Ma ciò che interessa ad Appadurai non è tanto l'analisi oggettiva, quantitativa di questi flussi, quanto le modalità in cui gli attori sociali ne fanno esperienza. Di qui la spiegazione del suffisso scape, ad indicare che non si tratta appunto di relazioni oggettive, ma di costrutti prospettici, determinati dalla posizione storica e politica, degli attori e dei gruppi sociali considerati: stati-nazioni, comunità diasporiche, gruppi sub-nazionali e movimenti, ma anche entità sociali minori come villaggi, vicinati e famiglie.

Appadurai usa il termine "paesaggio" (landscape) per indicare il punto di vista particolare che i diversi attori sociali hanno di queste dimensioni, la loro visuale determinata dall'insieme delle collocazioni e delle posizioni che si trovano ad avere rispetto a questi flussi ; la loro visuale viene a costituire il "mondo immaginato" (imagined world) in cui sono immersi e a partire dai quali agiscono. Mondi e non comunità alla Benedict Anderson, per marcare l'estensione dell'immaginario dell'attore sociale al di là dei confini della propria patria. Comunità immaginate è infatti la definizione con cui Benedict Anderson, in un noto libro dal titolo omonimo (1983, trad. it. 1996), sintetizzava la natura immaginativa dello stato-nazione moderno.

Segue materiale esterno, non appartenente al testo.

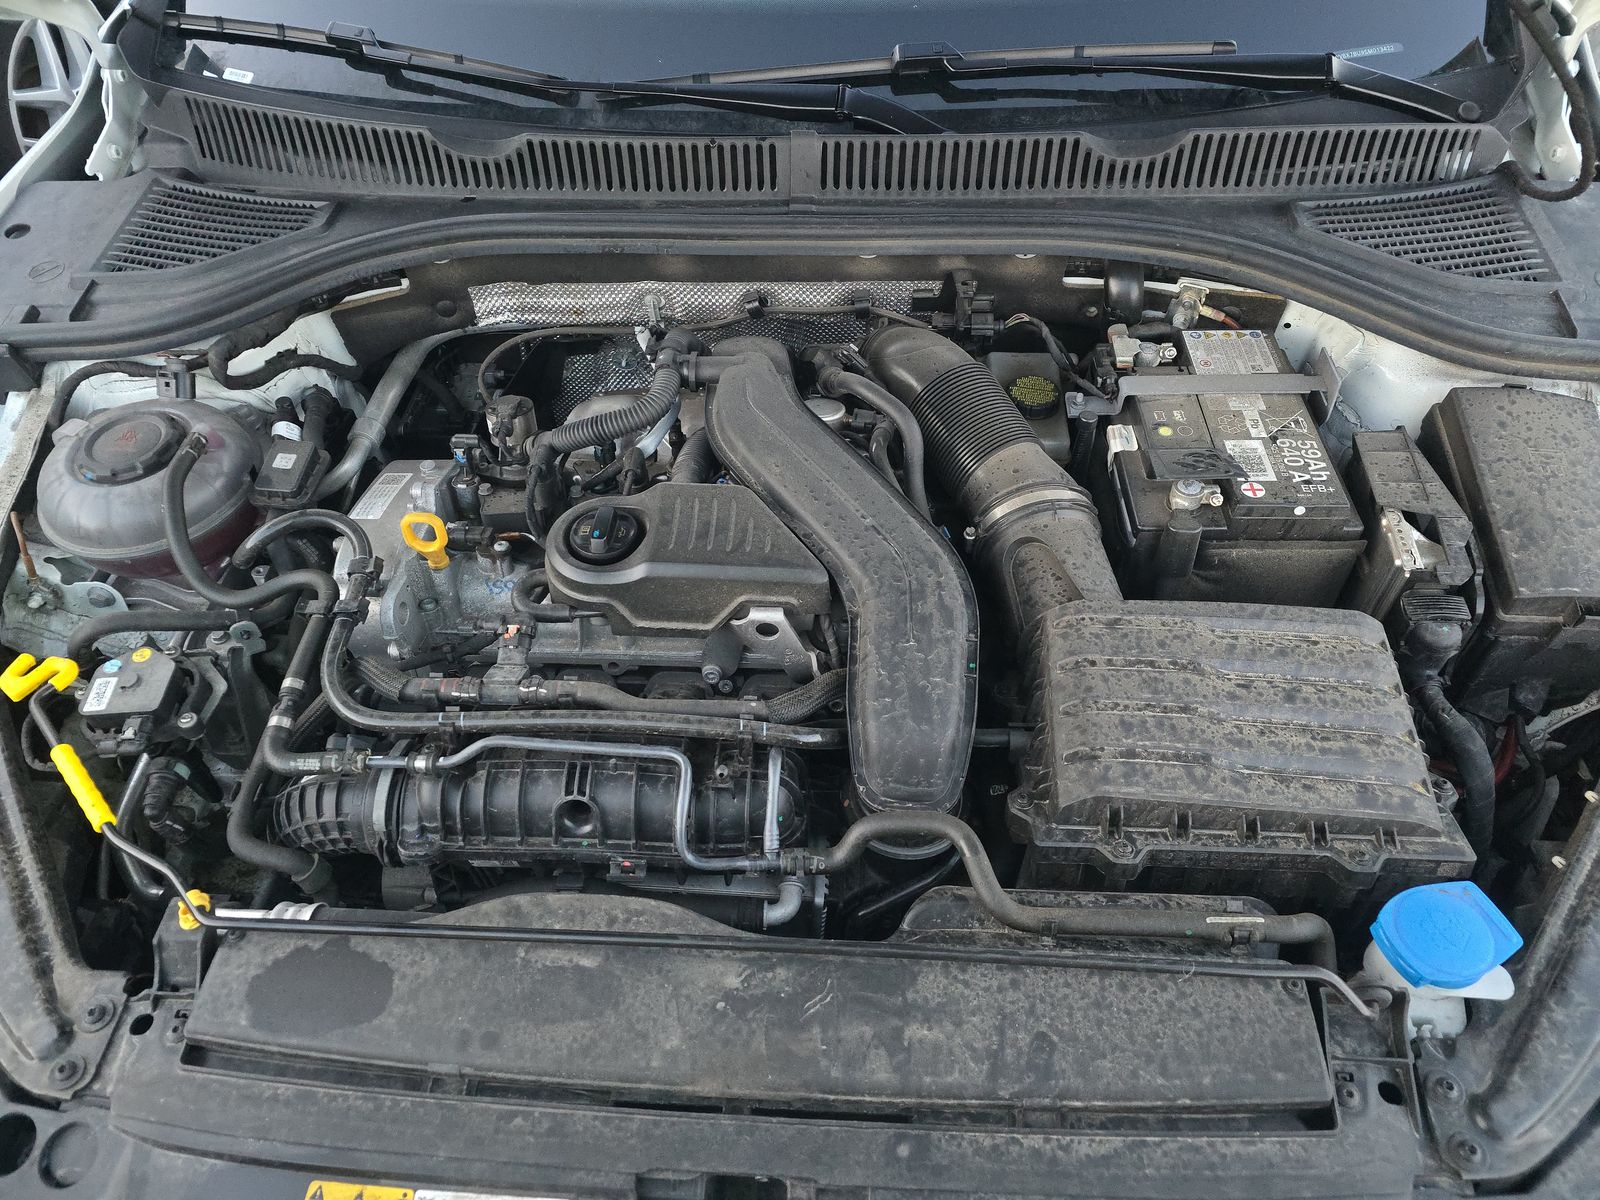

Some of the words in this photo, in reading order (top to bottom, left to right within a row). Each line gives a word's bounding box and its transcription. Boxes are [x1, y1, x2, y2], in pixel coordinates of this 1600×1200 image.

[1249, 418, 1260, 429] Pb
[1276, 438, 1305, 467] 640
[1297, 440, 1331, 481] 59Ah
[1288, 470, 1312, 483] A
[1300, 484, 1336, 493] EFB+

In questo prospettiva la parola chiave che guida l'indagine sulle problematiche dell’identità e della contemporaneità, per Appadurai, non è tanto quella di globalizzazione ma "indigenizzazione" ; intendendo con questo termine l’instabile localizzazione di una serie particolare di congiunture e disgiunture tra le diverse dimensioni del flusso globale economico e culturale, formazioni e arrangiamenti su cui a priori non è possibile dir nulla, in mancanza di adeguate e specifiche ricerche di taglio etnografico. Poiché l’identità e l’azione che viene prodotta è il risultato delle complesse configurazioni di aspetti oggettivi e soggettivi, di equilibri che vengono a materializzarsi in pratiche specifiche di azione e costruzione dell'identità. Soltanto la ricerca etnografica focalizzata può rendere conto delle particolari configurazioni che vengono incessantemente costruite e decostruite.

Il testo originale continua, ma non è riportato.